Nous avons vu dans l’article sur Simplifier le problème, qu’un travail de clarification était essentiel avant de s’y attaquer. Une fois le problème mieux dégagé, reste à le rendre accessible à une solution. Pour cela, bien poser le problème, en remettant la personne au centre de ce qu’elle veut changer. Et en l’aidant à trouver sa marge de manoeuvre pour modifier la manière dont son problème tourne, de manière systémique.
En vertu de l’idée qu’ “un problème sans solution est un problème mal posé” (Einstein), nous pouvons travailler à bien poser le problème. Pour cela, commençons par questionner le client de manière systémique :
- comment se comporte-t-il, quand le problème apparaît ?
- que fait-il pour le résoudre ?
- quelle est son influence sur la situation ?
- au vu de tout cela, qu’a-t-il besoin de changer pour faire bouger son système ?
Ainsi nous nous recentrons avec le client sur sa propre personne et son influence sur la situation. Ce qui s’avère très intéressant dans les situations où il est persuadé de n’avoir aucune prise. Ou bien que le changement doit venir des autres.
Recentrer le débat sur la personne et son influence sur la situation
Un exemple :
Mais alors, quoi qu’il fasse, son destin est entre les mains de son N+1 ? Avant d’en conclure avec Franck à cette sinistre perspective, vérifions quand même s’il n’aurait pas quand même une toute petite influence…
S’il devait par exemple accélérer l’arrivée de ce moment où son chef le vire – mettons pour en finir plus vite avec cette torture – que pourrait faire ou dire Franck ?

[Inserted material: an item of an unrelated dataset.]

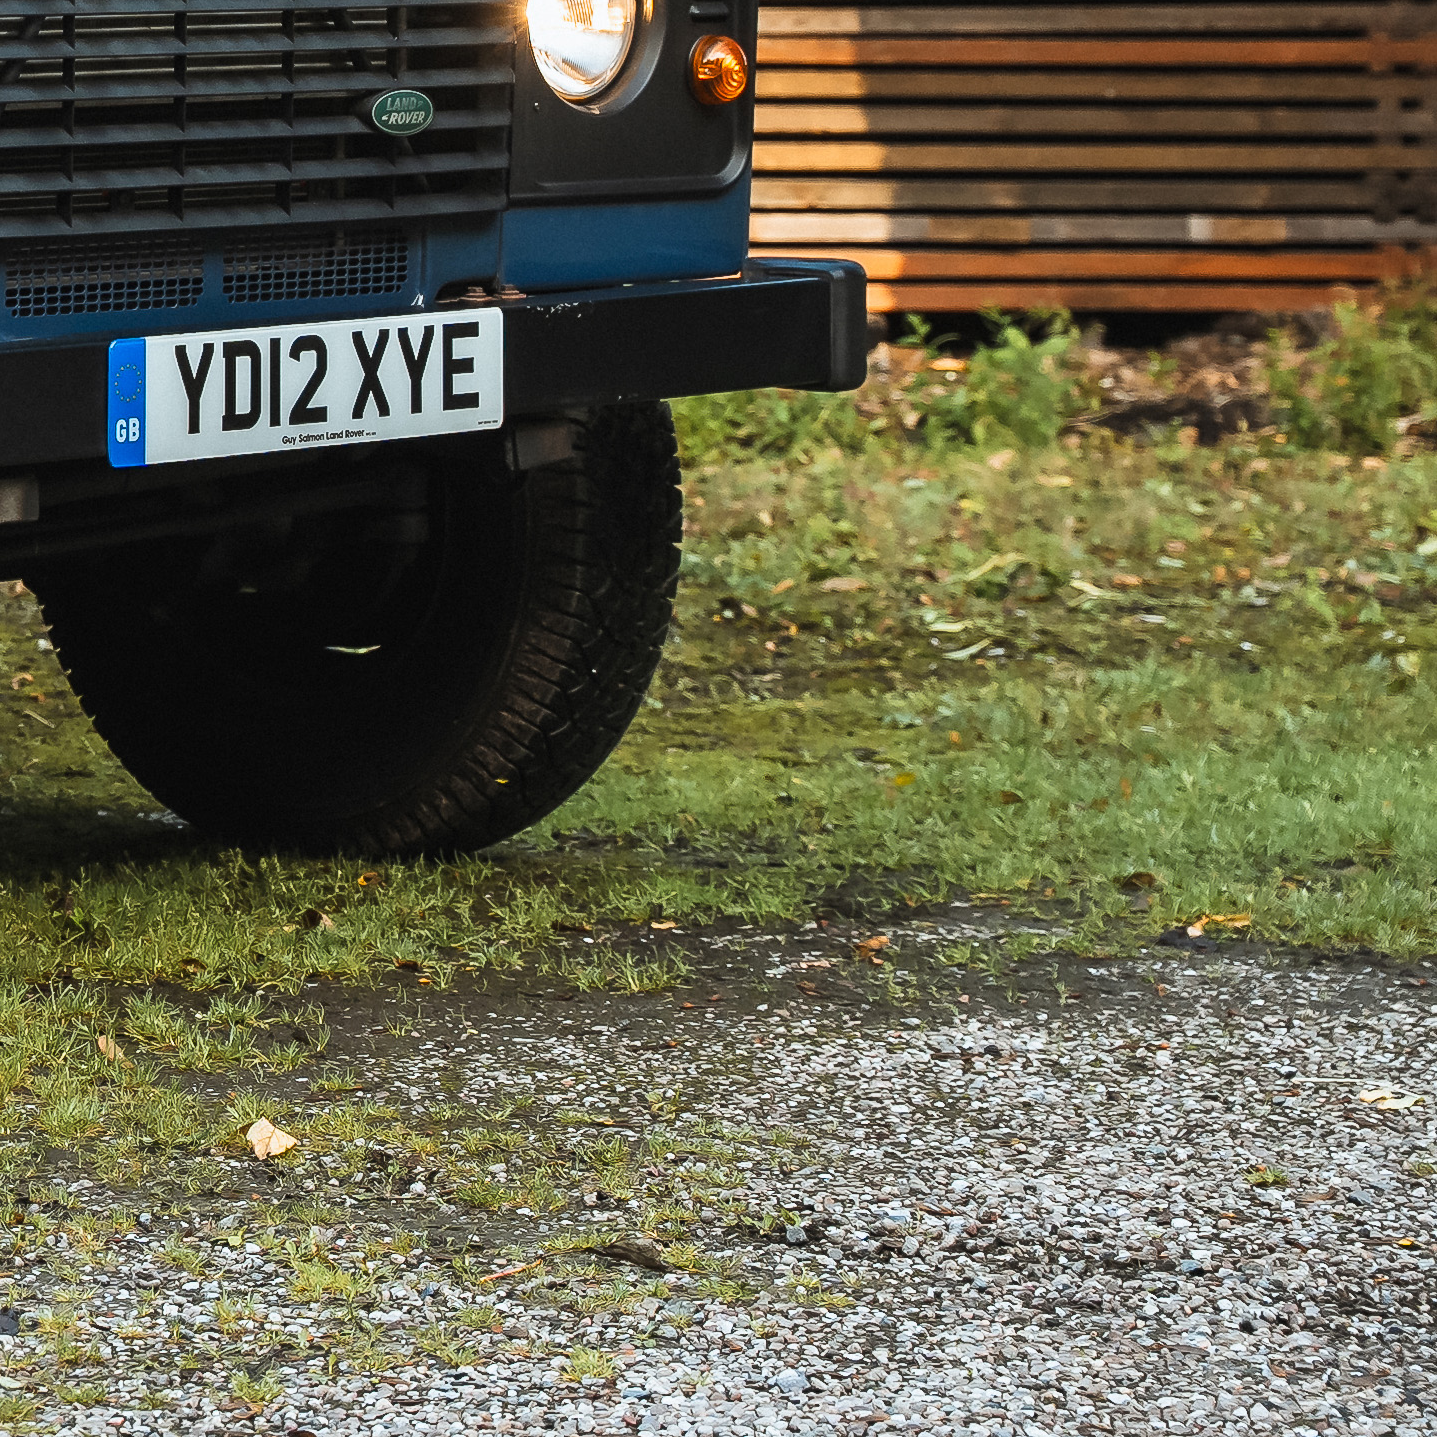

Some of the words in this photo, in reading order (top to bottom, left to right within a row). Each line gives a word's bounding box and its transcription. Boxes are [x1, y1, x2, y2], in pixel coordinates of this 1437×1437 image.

Quand on alimente le feu sans le vouloir
Ses réponses le mènent sur une piste : son chef s’énerve principalement quand il doit relancer Franck au sujet d’une réponse ou d’un document qu’il n’a pas remis dans les délais. 9 fois sur 10, c’est ce qui déclenche l’irritation du manager. Une fois cette boucle d’interaction identifiée, Franck se sent un peu mieux : il sait d’où peut venir le “coup”. Il retrouve du pouvoir sur la situation. Mieux, une fois son problème défini plus concrètement, Franck a moins peur d’être licencié. De la plainte initiale “au secours je ne veux pas me faire encore virer !” à “Comment mieux travailler avec mon chef pour éviter de le faire monter dans les tours”, le problème vécu par Franck devient plus concret et accessible à une solution.
Une autre manière de rendre le problème accessible à une solution, c’est de modifier les termes de l’équation apportée par notre client.
Réécrire l’équation-problème pour qu’elle devienne soluble
Si nous allons voir un coach, c’est souvent que nous ne trouvons pas la solution seul.e. Même si parfois, nous avons la solution, mais il nous manque un coup de pouce, un encouragement, ou une permission, pour l’appliquer. Il se peut aussi que nous ayons du mal à bien poser le problème. Quand ça bloque, regardons la manière dont la personne pose son problème ou son objectif.
Exemple 1 : “Je voudrais être respecté.e mais sans faire preuve d’autorité.”
Pourquoi pas, mais la condition posée limite le champ des possibles. C’est ce que j’appelle les demandes “l’omelette, mais sans casser les oeufs”.
Exemple 2 : “Aidez-moi à mieux gérer mon temps pour arriver à tout faire.”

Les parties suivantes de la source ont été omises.